* [What to work on] Your reply should hold the line containing "this 1344×1512 image." and every later line of the records, reproduced exactly, and no other lines.
++++ Records ++++
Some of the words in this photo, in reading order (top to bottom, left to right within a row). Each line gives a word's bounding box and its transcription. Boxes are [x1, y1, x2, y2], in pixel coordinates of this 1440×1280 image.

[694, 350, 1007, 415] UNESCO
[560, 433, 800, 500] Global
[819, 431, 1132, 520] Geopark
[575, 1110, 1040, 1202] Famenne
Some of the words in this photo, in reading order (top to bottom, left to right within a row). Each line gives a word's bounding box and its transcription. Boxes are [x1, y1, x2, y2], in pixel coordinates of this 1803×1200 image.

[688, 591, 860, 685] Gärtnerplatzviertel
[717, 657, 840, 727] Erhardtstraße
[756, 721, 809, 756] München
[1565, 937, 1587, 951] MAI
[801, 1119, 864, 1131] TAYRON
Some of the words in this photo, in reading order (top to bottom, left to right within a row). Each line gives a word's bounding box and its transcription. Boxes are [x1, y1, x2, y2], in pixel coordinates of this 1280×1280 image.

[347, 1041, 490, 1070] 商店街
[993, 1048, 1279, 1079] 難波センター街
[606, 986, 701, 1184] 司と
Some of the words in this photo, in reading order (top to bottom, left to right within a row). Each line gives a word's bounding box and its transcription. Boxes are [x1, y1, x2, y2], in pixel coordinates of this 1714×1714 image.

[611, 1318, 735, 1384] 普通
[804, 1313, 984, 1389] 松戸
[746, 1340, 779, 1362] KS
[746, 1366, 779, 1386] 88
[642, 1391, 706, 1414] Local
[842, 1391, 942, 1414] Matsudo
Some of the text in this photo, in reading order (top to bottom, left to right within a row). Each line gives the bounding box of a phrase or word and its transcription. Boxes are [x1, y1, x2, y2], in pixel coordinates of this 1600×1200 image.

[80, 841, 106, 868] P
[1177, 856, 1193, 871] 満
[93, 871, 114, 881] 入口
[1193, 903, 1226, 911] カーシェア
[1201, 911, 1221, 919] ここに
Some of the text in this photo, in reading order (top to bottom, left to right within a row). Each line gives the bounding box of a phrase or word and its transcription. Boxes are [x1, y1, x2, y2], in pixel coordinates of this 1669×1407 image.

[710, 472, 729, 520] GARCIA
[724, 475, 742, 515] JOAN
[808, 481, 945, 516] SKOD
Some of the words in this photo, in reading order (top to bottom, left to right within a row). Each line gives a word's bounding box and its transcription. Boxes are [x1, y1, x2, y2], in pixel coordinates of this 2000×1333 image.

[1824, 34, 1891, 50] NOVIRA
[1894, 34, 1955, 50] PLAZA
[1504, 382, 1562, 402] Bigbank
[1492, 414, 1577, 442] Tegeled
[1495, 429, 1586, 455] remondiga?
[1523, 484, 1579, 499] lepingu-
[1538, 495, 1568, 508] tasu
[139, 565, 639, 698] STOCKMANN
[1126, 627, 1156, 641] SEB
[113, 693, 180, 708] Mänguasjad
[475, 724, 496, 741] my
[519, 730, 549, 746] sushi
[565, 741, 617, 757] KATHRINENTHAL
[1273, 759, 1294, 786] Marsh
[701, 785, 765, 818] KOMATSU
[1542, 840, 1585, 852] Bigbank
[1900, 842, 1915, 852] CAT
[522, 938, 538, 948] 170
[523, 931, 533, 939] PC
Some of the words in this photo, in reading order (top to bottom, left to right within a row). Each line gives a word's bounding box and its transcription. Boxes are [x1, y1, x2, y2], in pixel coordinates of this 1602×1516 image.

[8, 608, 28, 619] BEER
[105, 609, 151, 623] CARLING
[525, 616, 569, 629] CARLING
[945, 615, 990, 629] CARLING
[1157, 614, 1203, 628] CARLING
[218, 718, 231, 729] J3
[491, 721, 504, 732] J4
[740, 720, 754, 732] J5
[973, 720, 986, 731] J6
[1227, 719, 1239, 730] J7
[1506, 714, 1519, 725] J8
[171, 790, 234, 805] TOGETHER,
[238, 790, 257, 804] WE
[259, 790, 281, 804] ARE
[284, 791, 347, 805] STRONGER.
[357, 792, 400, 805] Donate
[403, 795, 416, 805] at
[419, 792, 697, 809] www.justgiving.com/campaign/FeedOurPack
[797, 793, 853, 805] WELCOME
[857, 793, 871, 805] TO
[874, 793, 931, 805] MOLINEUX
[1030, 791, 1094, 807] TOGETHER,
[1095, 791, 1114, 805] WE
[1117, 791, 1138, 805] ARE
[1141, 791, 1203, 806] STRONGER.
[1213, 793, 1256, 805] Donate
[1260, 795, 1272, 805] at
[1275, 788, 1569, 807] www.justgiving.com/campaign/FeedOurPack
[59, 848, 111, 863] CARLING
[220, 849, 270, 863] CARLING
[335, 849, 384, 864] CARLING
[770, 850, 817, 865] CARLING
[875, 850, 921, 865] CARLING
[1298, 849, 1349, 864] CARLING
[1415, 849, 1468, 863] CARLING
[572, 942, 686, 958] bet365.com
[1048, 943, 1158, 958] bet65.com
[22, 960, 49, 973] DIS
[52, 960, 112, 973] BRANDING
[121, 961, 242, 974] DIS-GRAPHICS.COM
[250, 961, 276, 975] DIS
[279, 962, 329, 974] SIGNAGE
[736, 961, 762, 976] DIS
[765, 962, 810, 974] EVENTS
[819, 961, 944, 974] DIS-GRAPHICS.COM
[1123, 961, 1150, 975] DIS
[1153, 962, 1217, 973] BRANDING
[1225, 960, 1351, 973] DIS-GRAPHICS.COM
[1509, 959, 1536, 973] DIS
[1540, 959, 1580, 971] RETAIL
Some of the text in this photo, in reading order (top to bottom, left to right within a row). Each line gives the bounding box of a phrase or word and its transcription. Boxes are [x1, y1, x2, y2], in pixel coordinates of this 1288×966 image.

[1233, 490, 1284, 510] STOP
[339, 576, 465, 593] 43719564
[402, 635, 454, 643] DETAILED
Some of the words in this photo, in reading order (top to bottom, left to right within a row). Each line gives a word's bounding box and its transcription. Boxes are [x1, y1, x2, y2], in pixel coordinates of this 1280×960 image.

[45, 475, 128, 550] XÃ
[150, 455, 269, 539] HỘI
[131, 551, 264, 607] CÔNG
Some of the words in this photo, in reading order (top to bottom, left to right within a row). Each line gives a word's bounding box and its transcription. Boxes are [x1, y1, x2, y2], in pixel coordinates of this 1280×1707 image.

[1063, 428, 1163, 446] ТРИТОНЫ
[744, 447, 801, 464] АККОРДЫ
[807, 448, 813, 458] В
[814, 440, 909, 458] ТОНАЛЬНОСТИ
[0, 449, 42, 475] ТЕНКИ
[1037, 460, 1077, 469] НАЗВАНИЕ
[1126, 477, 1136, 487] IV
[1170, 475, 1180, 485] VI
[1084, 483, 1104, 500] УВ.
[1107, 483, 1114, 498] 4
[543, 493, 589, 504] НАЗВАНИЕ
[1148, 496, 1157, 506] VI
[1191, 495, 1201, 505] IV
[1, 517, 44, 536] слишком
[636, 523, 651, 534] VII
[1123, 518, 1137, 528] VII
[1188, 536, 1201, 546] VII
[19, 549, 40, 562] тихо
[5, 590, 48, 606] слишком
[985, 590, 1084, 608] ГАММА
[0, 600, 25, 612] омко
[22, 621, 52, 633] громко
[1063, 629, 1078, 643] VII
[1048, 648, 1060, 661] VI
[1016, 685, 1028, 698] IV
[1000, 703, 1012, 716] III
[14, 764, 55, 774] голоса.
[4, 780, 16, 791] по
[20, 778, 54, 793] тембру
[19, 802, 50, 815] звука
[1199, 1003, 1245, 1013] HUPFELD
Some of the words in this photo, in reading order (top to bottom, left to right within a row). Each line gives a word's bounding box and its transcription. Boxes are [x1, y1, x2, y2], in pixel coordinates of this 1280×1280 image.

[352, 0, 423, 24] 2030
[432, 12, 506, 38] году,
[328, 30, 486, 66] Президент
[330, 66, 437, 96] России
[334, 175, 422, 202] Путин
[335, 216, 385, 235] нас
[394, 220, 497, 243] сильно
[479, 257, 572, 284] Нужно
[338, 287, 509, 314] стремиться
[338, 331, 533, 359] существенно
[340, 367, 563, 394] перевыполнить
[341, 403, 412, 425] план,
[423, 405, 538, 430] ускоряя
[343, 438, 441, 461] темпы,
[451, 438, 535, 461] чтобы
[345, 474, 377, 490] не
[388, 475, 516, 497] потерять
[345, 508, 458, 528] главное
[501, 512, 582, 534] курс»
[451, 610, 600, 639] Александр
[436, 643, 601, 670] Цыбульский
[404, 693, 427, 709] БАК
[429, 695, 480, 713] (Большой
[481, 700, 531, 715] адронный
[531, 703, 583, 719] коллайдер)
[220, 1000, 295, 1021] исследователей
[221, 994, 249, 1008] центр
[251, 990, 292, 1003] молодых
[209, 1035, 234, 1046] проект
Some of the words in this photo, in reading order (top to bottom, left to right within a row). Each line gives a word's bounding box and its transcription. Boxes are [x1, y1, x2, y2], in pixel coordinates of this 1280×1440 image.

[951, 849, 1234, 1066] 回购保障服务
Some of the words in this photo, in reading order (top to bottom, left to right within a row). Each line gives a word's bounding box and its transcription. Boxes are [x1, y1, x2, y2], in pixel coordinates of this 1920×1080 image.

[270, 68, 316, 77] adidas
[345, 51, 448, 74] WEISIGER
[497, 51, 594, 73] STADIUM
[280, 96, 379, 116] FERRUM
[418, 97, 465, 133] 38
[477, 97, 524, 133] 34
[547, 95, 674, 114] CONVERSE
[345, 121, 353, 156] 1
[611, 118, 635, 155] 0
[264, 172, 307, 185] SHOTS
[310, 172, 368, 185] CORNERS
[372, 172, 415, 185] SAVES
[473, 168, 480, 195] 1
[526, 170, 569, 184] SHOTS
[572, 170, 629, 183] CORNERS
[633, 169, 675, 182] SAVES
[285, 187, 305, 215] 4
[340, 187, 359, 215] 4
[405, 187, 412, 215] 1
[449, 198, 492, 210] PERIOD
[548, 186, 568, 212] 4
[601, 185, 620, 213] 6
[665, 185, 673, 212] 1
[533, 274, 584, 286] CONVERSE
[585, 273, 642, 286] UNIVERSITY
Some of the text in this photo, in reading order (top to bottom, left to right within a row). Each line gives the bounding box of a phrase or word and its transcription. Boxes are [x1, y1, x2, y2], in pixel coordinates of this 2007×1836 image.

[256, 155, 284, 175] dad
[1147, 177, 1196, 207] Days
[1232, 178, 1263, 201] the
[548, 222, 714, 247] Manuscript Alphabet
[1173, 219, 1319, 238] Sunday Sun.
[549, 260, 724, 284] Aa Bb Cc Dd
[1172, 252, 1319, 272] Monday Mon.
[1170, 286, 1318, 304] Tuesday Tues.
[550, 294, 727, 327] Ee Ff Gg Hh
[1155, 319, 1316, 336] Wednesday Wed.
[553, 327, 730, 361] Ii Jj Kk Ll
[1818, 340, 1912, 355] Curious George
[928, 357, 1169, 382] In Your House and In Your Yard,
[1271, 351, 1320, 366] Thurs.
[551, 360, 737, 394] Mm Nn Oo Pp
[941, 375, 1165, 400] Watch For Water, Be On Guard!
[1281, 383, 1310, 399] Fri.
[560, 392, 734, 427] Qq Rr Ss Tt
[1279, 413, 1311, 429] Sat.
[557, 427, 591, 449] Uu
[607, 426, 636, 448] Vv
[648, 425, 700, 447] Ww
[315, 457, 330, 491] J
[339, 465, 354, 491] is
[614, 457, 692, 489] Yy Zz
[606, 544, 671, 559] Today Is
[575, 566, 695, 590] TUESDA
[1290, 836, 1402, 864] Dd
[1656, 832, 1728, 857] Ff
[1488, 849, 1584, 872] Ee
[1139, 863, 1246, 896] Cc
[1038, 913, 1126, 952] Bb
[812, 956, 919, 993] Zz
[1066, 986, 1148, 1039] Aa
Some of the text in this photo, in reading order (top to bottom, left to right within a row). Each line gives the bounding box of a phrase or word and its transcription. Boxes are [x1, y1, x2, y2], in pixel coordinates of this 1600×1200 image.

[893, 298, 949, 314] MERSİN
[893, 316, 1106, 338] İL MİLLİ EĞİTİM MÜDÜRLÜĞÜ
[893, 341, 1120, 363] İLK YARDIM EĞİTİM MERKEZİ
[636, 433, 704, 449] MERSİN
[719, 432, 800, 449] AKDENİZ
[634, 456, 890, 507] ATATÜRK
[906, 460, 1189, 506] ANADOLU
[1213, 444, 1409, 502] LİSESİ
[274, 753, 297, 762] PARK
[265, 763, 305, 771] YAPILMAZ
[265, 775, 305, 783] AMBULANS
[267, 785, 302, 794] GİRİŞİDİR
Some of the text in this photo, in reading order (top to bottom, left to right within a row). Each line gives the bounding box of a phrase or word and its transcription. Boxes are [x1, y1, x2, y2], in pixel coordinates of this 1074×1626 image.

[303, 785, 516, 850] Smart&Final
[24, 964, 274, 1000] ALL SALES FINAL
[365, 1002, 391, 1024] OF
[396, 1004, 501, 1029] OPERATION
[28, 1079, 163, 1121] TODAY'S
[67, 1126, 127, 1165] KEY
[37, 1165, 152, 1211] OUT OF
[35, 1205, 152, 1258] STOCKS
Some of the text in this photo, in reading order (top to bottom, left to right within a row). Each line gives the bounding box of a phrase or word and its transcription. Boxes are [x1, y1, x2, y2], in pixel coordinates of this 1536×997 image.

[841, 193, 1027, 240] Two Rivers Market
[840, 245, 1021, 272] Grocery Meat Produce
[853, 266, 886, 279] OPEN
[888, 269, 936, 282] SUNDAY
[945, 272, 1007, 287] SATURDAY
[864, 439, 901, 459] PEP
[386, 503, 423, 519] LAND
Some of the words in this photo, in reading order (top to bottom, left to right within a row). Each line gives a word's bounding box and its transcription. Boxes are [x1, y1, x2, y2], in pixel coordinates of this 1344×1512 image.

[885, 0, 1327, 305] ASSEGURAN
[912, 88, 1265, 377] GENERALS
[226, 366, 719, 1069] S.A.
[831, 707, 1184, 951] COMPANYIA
++++
* [Result of the task]
Some of the words in this photo, in reading order (top to bottom, left to right within a row). Each line gives a word's bounding box and its transcription. Boxes are [x1, y1, x2, y2], in pixel coordinates of this 1344×1512 image.

[885, 0, 1327, 305] ASSEGURAN
[912, 88, 1265, 377] GENERALS
[226, 366, 719, 1069] S.A.
[831, 707, 1184, 951] COMPANYIA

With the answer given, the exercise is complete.